* EXERCISE REQUIREMENTS: Retype the whole listing below precisely.

* INPUT DATA:
________________
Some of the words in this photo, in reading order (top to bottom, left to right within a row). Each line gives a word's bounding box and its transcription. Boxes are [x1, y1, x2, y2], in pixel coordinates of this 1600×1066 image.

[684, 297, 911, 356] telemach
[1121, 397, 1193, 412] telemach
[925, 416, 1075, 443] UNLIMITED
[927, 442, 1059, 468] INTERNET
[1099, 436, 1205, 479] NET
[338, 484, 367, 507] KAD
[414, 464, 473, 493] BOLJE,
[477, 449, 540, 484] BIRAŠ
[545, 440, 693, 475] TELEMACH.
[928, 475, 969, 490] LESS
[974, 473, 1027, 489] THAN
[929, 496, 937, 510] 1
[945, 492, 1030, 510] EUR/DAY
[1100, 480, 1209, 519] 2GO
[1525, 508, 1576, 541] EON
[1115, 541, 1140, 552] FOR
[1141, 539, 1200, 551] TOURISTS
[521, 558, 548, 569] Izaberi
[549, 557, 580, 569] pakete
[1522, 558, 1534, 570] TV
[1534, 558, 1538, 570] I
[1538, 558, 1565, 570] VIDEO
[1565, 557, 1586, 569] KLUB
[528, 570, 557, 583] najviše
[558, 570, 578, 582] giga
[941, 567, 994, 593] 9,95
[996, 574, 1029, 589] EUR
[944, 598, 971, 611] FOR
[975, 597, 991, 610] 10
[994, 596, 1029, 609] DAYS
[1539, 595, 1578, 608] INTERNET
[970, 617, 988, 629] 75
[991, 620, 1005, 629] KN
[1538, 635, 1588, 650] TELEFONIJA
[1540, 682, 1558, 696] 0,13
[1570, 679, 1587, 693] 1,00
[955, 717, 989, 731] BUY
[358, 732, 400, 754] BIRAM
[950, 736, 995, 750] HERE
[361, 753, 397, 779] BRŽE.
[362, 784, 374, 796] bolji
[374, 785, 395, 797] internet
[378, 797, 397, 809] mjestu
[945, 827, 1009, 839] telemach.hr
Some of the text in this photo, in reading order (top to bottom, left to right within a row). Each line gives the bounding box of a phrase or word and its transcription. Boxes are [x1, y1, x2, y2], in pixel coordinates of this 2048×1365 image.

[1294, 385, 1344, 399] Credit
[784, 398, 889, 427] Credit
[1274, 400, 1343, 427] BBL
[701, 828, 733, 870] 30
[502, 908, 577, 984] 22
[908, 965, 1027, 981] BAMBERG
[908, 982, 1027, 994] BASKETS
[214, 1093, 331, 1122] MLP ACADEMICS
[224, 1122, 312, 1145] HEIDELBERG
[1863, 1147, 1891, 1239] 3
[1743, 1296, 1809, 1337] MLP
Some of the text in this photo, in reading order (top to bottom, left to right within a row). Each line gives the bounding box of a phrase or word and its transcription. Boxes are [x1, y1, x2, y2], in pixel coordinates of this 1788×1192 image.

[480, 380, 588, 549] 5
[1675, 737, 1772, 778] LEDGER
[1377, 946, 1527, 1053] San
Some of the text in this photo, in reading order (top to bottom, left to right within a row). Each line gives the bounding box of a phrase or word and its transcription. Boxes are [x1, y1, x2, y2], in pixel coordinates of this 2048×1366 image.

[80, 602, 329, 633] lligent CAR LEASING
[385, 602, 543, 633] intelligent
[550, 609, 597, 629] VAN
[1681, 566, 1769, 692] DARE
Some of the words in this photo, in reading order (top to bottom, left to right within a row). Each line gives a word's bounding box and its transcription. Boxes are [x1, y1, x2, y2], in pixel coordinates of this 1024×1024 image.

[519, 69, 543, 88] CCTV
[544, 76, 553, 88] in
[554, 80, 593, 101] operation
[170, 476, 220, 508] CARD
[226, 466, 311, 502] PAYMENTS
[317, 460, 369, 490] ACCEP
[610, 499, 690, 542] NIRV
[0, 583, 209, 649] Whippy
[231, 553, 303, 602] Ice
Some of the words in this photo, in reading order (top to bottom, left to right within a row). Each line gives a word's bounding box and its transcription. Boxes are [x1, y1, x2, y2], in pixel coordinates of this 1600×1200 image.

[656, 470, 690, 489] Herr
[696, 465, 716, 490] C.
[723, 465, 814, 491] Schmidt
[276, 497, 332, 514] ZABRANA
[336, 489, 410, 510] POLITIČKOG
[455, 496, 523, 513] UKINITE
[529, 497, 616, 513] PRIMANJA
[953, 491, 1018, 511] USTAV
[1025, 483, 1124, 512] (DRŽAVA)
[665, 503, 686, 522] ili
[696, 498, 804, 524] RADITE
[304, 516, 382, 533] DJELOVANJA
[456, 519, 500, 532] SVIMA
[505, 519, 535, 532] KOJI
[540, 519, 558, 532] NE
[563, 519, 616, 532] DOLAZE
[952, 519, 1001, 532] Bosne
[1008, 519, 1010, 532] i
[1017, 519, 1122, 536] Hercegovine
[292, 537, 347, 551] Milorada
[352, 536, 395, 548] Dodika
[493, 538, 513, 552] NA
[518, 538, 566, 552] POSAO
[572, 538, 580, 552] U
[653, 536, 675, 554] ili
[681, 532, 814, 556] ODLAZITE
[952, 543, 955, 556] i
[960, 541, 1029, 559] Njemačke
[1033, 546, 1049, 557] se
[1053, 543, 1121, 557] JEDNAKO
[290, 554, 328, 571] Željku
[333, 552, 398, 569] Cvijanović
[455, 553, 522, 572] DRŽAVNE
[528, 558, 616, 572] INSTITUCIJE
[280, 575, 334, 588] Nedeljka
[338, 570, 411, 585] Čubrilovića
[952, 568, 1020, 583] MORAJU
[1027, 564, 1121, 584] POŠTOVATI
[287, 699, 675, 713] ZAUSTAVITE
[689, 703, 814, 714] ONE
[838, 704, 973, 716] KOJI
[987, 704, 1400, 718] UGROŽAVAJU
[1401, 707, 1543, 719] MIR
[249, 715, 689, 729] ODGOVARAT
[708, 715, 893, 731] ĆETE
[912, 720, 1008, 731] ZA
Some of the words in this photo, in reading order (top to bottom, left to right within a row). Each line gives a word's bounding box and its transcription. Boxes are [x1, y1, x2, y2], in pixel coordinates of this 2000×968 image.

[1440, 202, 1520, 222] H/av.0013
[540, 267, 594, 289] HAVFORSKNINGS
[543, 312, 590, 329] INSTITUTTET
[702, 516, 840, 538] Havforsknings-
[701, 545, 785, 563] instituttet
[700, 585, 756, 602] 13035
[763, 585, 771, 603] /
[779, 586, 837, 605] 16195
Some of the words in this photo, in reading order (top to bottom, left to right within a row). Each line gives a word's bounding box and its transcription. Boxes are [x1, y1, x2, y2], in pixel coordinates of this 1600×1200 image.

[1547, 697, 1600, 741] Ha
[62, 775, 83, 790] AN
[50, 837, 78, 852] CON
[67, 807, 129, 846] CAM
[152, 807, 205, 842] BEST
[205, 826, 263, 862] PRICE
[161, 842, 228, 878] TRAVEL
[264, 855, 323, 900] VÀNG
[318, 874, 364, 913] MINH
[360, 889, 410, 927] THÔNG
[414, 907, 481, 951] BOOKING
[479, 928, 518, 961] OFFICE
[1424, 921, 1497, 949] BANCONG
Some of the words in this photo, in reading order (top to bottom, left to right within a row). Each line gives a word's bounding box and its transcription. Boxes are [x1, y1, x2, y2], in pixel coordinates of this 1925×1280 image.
________________
* EXERCISE OUTPUT:
Some of the words in this photo, in reading order (top to bottom, left to right within a row). Each line gives a word's bounding box and its transcription. Boxes are [x1, y1, x2, y2], in pixel coordinates of this 1600×1066 image.

[684, 297, 911, 356] telemach
[1121, 397, 1193, 412] telemach
[925, 416, 1075, 443] UNLIMITED
[927, 442, 1059, 468] INTERNET
[1099, 436, 1205, 479] NET
[338, 484, 367, 507] KAD
[414, 464, 473, 493] BOLJE,
[477, 449, 540, 484] BIRAŠ
[545, 440, 693, 475] TELEMACH.
[928, 475, 969, 490] LESS
[974, 473, 1027, 489] THAN
[929, 496, 937, 510] 1
[945, 492, 1030, 510] EUR/DAY
[1100, 480, 1209, 519] 2GO
[1525, 508, 1576, 541] EON
[1115, 541, 1140, 552] FOR
[1141, 539, 1200, 551] TOURISTS
[521, 558, 548, 569] Izaberi
[549, 557, 580, 569] pakete
[1522, 558, 1534, 570] TV
[1534, 558, 1538, 570] I
[1538, 558, 1565, 570] VIDEO
[1565, 557, 1586, 569] KLUB
[528, 570, 557, 583] najviše
[558, 570, 578, 582] giga
[941, 567, 994, 593] 9,95
[996, 574, 1029, 589] EUR
[944, 598, 971, 611] FOR
[975, 597, 991, 610] 10
[994, 596, 1029, 609] DAYS
[1539, 595, 1578, 608] INTERNET
[970, 617, 988, 629] 75
[991, 620, 1005, 629] KN
[1538, 635, 1588, 650] TELEFONIJA
[1540, 682, 1558, 696] 0,13
[1570, 679, 1587, 693] 1,00
[955, 717, 989, 731] BUY
[358, 732, 400, 754] BIRAM
[950, 736, 995, 750] HERE
[361, 753, 397, 779] BRŽE.
[362, 784, 374, 796] bolji
[374, 785, 395, 797] internet
[378, 797, 397, 809] mjestu
[945, 827, 1009, 839] telemach.hr
Some of the text in this photo, in reading order (top to bottom, left to right within a row). Each line gives the bounding box of a phrase or word and its transcription. Boxes are [x1, y1, x2, y2], in pixel coordinates of this 2048×1365 image.

[1294, 385, 1344, 399] Credit
[784, 398, 889, 427] Credit
[1274, 400, 1343, 427] BBL
[701, 828, 733, 870] 30
[502, 908, 577, 984] 22
[908, 965, 1027, 981] BAMBERG
[908, 982, 1027, 994] BASKETS
[214, 1093, 331, 1122] MLP ACADEMICS
[224, 1122, 312, 1145] HEIDELBERG
[1863, 1147, 1891, 1239] 3
[1743, 1296, 1809, 1337] MLP
Some of the text in this photo, in reading order (top to bottom, left to right within a row). Each line gives the bounding box of a phrase or word and its transcription. Boxes are [x1, y1, x2, y2], in pixel coordinates of this 1788×1192 image.

[480, 380, 588, 549] 5
[1675, 737, 1772, 778] LEDGER
[1377, 946, 1527, 1053] San
Some of the text in this photo, in reading order (top to bottom, left to right within a row). Each line gives the bounding box of a phrase or word and its transcription. Boxes are [x1, y1, x2, y2], in pixel coordinates of this 2048×1366 image.

[80, 602, 329, 633] lligent CAR LEASING
[385, 602, 543, 633] intelligent
[550, 609, 597, 629] VAN
[1681, 566, 1769, 692] DARE
Some of the words in this photo, in reading order (top to bottom, left to right within a row). Each line gives a word's bounding box and its transcription. Boxes are [x1, y1, x2, y2], in pixel coordinates of this 1024×1024 image.

[519, 69, 543, 88] CCTV
[544, 76, 553, 88] in
[554, 80, 593, 101] operation
[170, 476, 220, 508] CARD
[226, 466, 311, 502] PAYMENTS
[317, 460, 369, 490] ACCEP
[610, 499, 690, 542] NIRV
[0, 583, 209, 649] Whippy
[231, 553, 303, 602] Ice
Some of the words in this photo, in reading order (top to bottom, left to right within a row). Each line gives a word's bounding box and its transcription. Boxes are [x1, y1, x2, y2], in pixel coordinates of this 1600×1200 image.

[656, 470, 690, 489] Herr
[696, 465, 716, 490] C.
[723, 465, 814, 491] Schmidt
[276, 497, 332, 514] ZABRANA
[336, 489, 410, 510] POLITIČKOG
[455, 496, 523, 513] UKINITE
[529, 497, 616, 513] PRIMANJA
[953, 491, 1018, 511] USTAV
[1025, 483, 1124, 512] (DRŽAVA)
[665, 503, 686, 522] ili
[696, 498, 804, 524] RADITE
[304, 516, 382, 533] DJELOVANJA
[456, 519, 500, 532] SVIMA
[505, 519, 535, 532] KOJI
[540, 519, 558, 532] NE
[563, 519, 616, 532] DOLAZE
[952, 519, 1001, 532] Bosne
[1008, 519, 1010, 532] i
[1017, 519, 1122, 536] Hercegovine
[292, 537, 347, 551] Milorada
[352, 536, 395, 548] Dodika
[493, 538, 513, 552] NA
[518, 538, 566, 552] POSAO
[572, 538, 580, 552] U
[653, 536, 675, 554] ili
[681, 532, 814, 556] ODLAZITE
[952, 543, 955, 556] i
[960, 541, 1029, 559] Njemačke
[1033, 546, 1049, 557] se
[1053, 543, 1121, 557] JEDNAKO
[290, 554, 328, 571] Željku
[333, 552, 398, 569] Cvijanović
[455, 553, 522, 572] DRŽAVNE
[528, 558, 616, 572] INSTITUCIJE
[280, 575, 334, 588] Nedeljka
[338, 570, 411, 585] Čubrilovića
[952, 568, 1020, 583] MORAJU
[1027, 564, 1121, 584] POŠTOVATI
[287, 699, 675, 713] ZAUSTAVITE
[689, 703, 814, 714] ONE
[838, 704, 973, 716] KOJI
[987, 704, 1400, 718] UGROŽAVAJU
[1401, 707, 1543, 719] MIR
[249, 715, 689, 729] ODGOVARAT
[708, 715, 893, 731] ĆETE
[912, 720, 1008, 731] ZA
Some of the words in this photo, in reading order (top to bottom, left to right within a row). Each line gives a word's bounding box and its transcription. Boxes are [x1, y1, x2, y2], in pixel coordinates of this 2000×968 image.

[1440, 202, 1520, 222] H/av.0013
[540, 267, 594, 289] HAVFORSKNINGS
[543, 312, 590, 329] INSTITUTTET
[702, 516, 840, 538] Havforsknings-
[701, 545, 785, 563] instituttet
[700, 585, 756, 602] 13035
[763, 585, 771, 603] /
[779, 586, 837, 605] 16195
Some of the words in this photo, in reading order (top to bottom, left to right within a row). Each line gives a word's bounding box and its transcription. Boxes are [x1, y1, x2, y2], in pixel coordinates of this 1600×1200 image.

[1547, 697, 1600, 741] Ha
[62, 775, 83, 790] AN
[50, 837, 78, 852] CON
[67, 807, 129, 846] CAM
[152, 807, 205, 842] BEST
[205, 826, 263, 862] PRICE
[161, 842, 228, 878] TRAVEL
[264, 855, 323, 900] VÀNG
[318, 874, 364, 913] MINH
[360, 889, 410, 927] THÔNG
[414, 907, 481, 951] BOOKING
[479, 928, 518, 961] OFFICE
[1424, 921, 1497, 949] BANCONG
Some of the words in this photo, in reading order (top to bottom, left to right within a row). Each line gives a word's bounding box and its transcription. Boxes are [x1, y1, x2, y2], in pixel coordinates of this 1925×1280 image.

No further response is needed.